I am in a deep funk. It's been percolating for weeks now. Business in the pub and office has slowed, and all my projects remain unfinished or neglected due to enervation. I feel far away from all my friends, although, if I looked at my life objectively, I'm not without company. In the background, leaching into conversation and the back of the mind, various national tragedies and of course the looming spectre of a global recession. Plus, I am living with a mother-in-law, whose list of prohibitions grow longer every day.

I'm not sure of how to get out of this funk. The only thing that gives me any measure of peace is yoga, and you can't do yoga all day long, can you? I could write, but writing isn't salvation; it's a compulsion, with little reward. I could drink, but I lack inclination.

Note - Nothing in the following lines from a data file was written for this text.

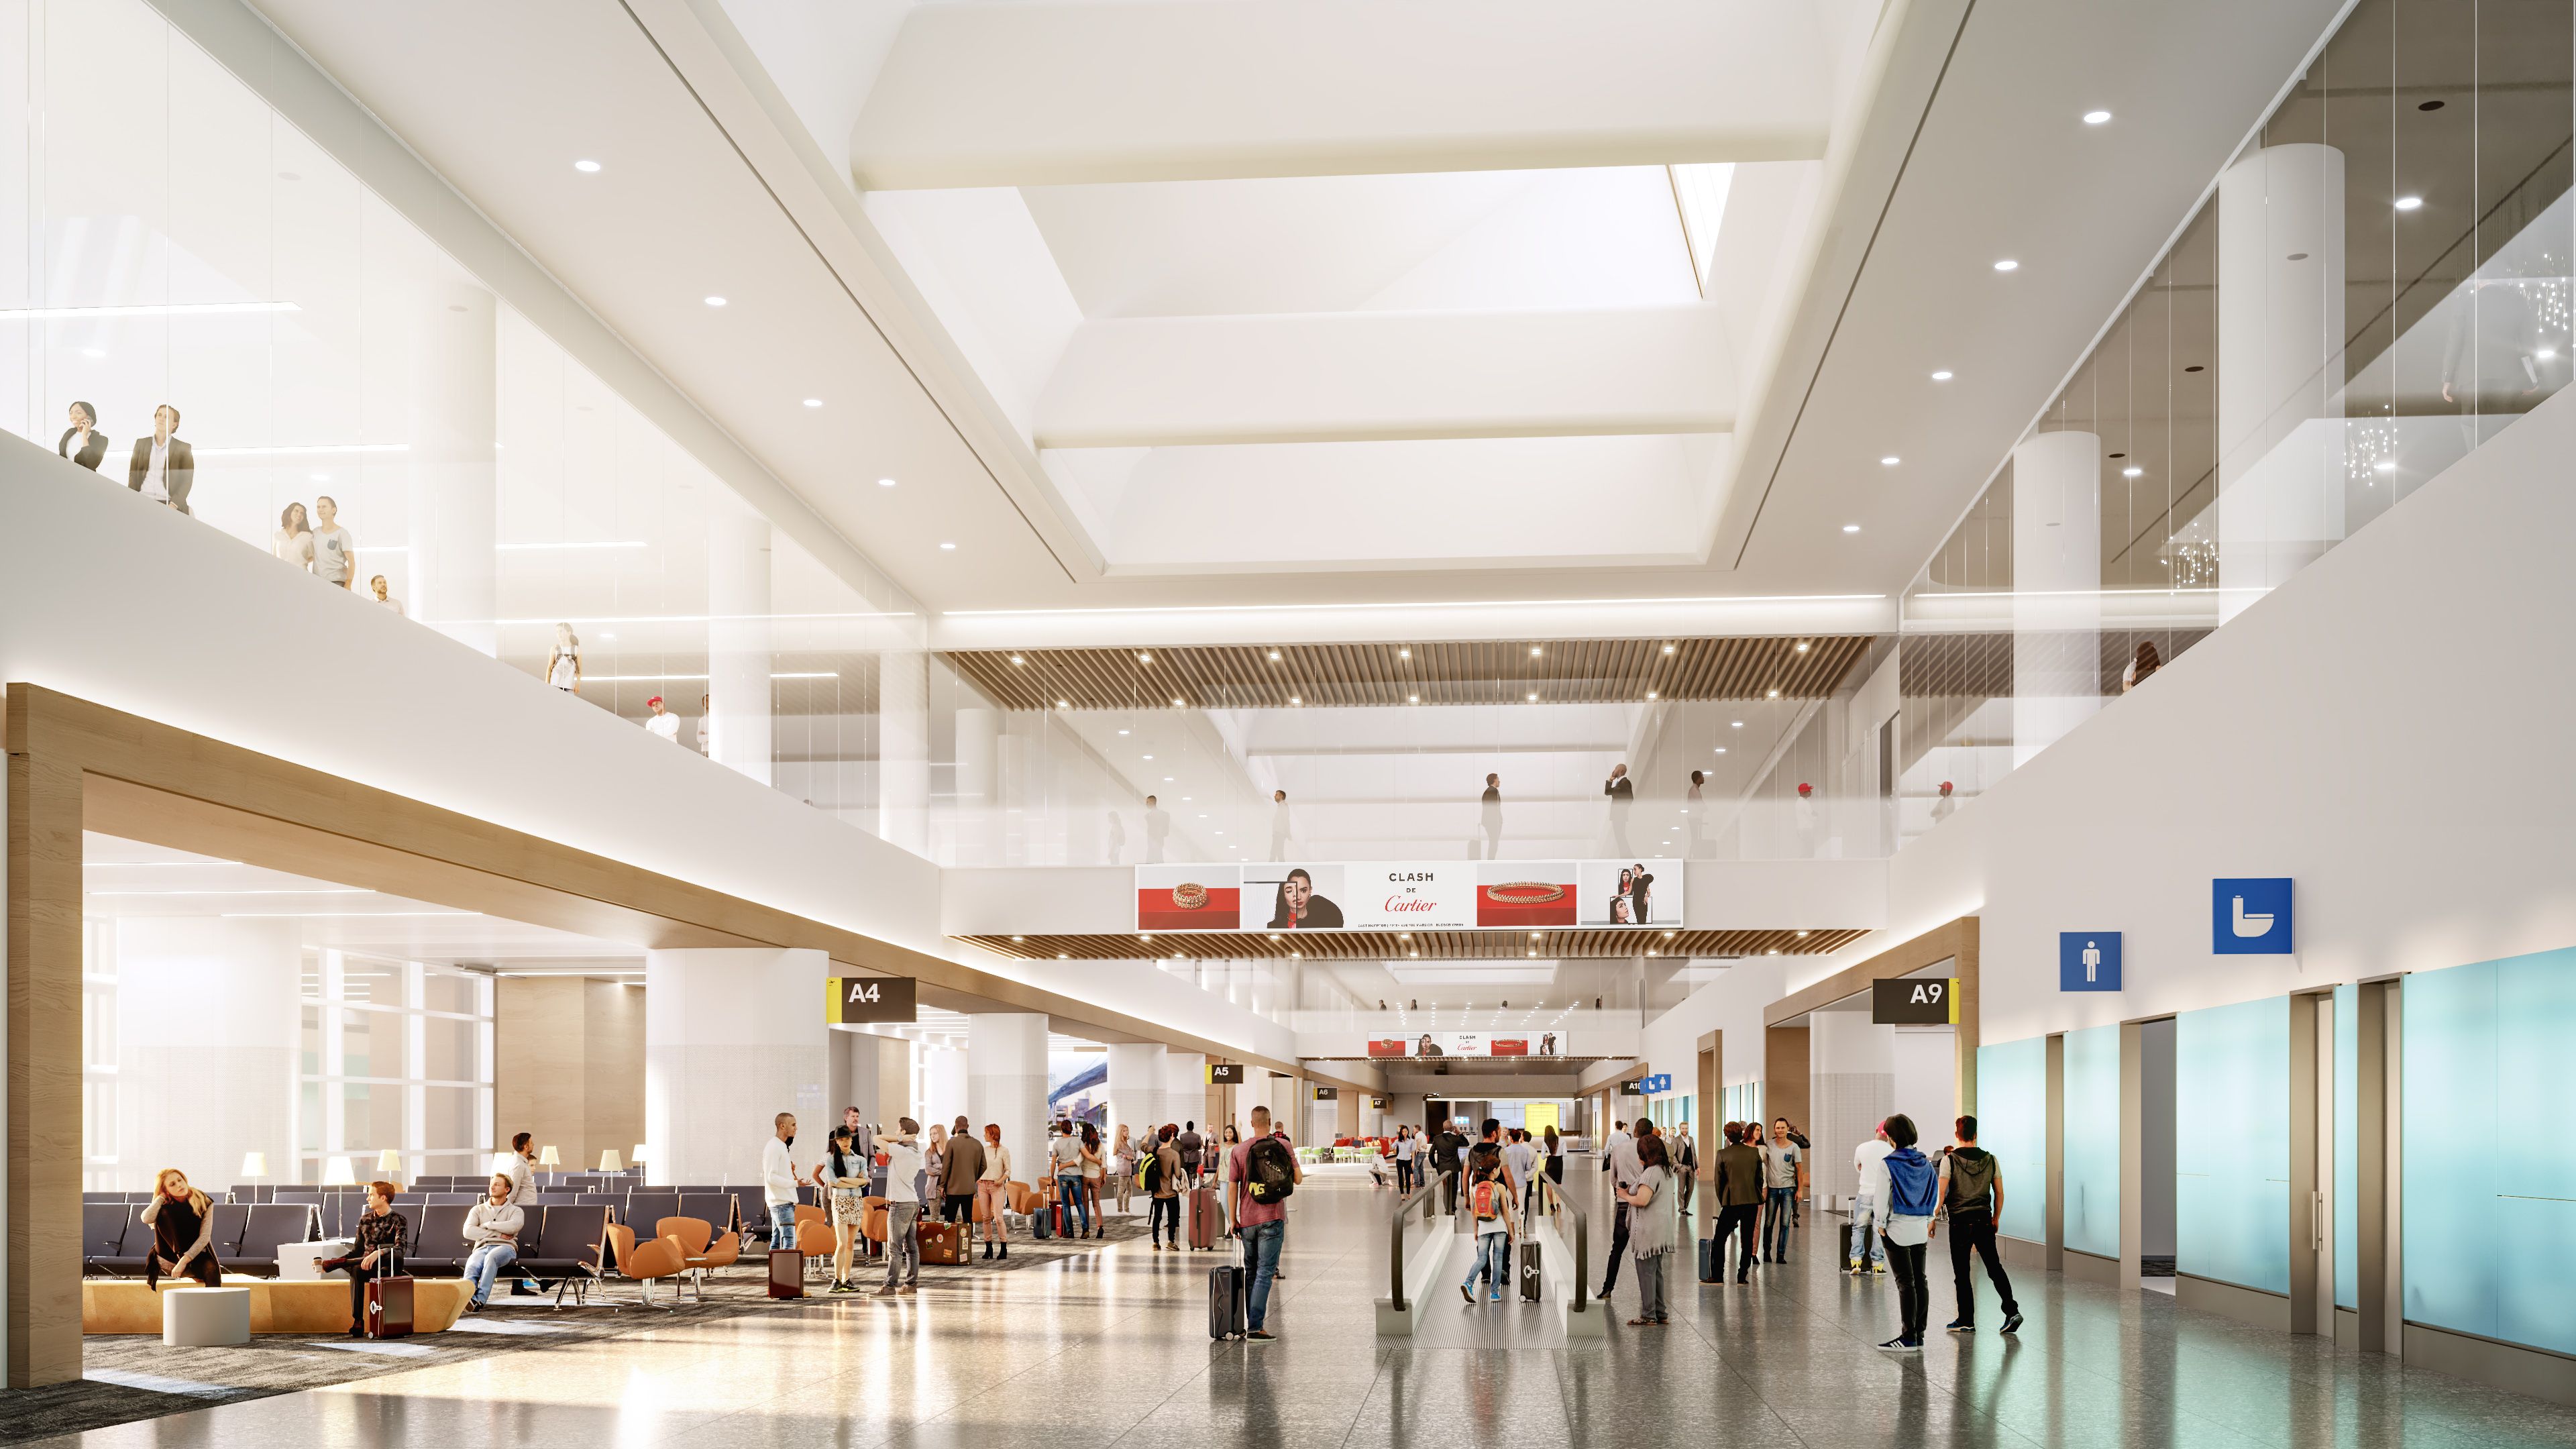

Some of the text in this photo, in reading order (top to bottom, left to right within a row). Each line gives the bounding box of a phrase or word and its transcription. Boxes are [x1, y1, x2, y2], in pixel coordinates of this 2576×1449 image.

[1389, 873, 1434, 882] CLASH
[1385, 895, 1437, 912] Cartier
[848, 983, 881, 1003] A4
[1910, 983, 1943, 1004] A9
[1214, 1067, 1229, 1076] A5

I could try to read my way out of it. I've done it before, in the years when I was broke and down and out, in Oakland and Ballyvaughan and Galway, biking to multiple dead-end jobs and eating lentil soup for dinner every night and scraping change out of the crevices of sofas. The years my parents wouldn't talk to me for marrying the wrong man. The years of living with a bipolar alcoholic, witty and charming in public, dreadful and unappeased at home. The years, so many of them, I didn't know what I wanted to do with myself; in that regard, I was among what Karim in Hanif Kureishi's The Buddha of Suburbia calls "the unhappiest sort". Those years, I'd sit in the library or lie in bed all day, just reading and drinking coffee, finishing one novel and picking up another, stewing in other people's misery and bad choices. Time would pass pleasantly, if intensely at times, and word by word, sentence by sentence, page by page, I'd find that my state of self-pity and paralysis had cleared, and I could make some kind of decision about the present, as much as I dreaded the consequences of that decision. I could do that now, but what would the mother-in-law think?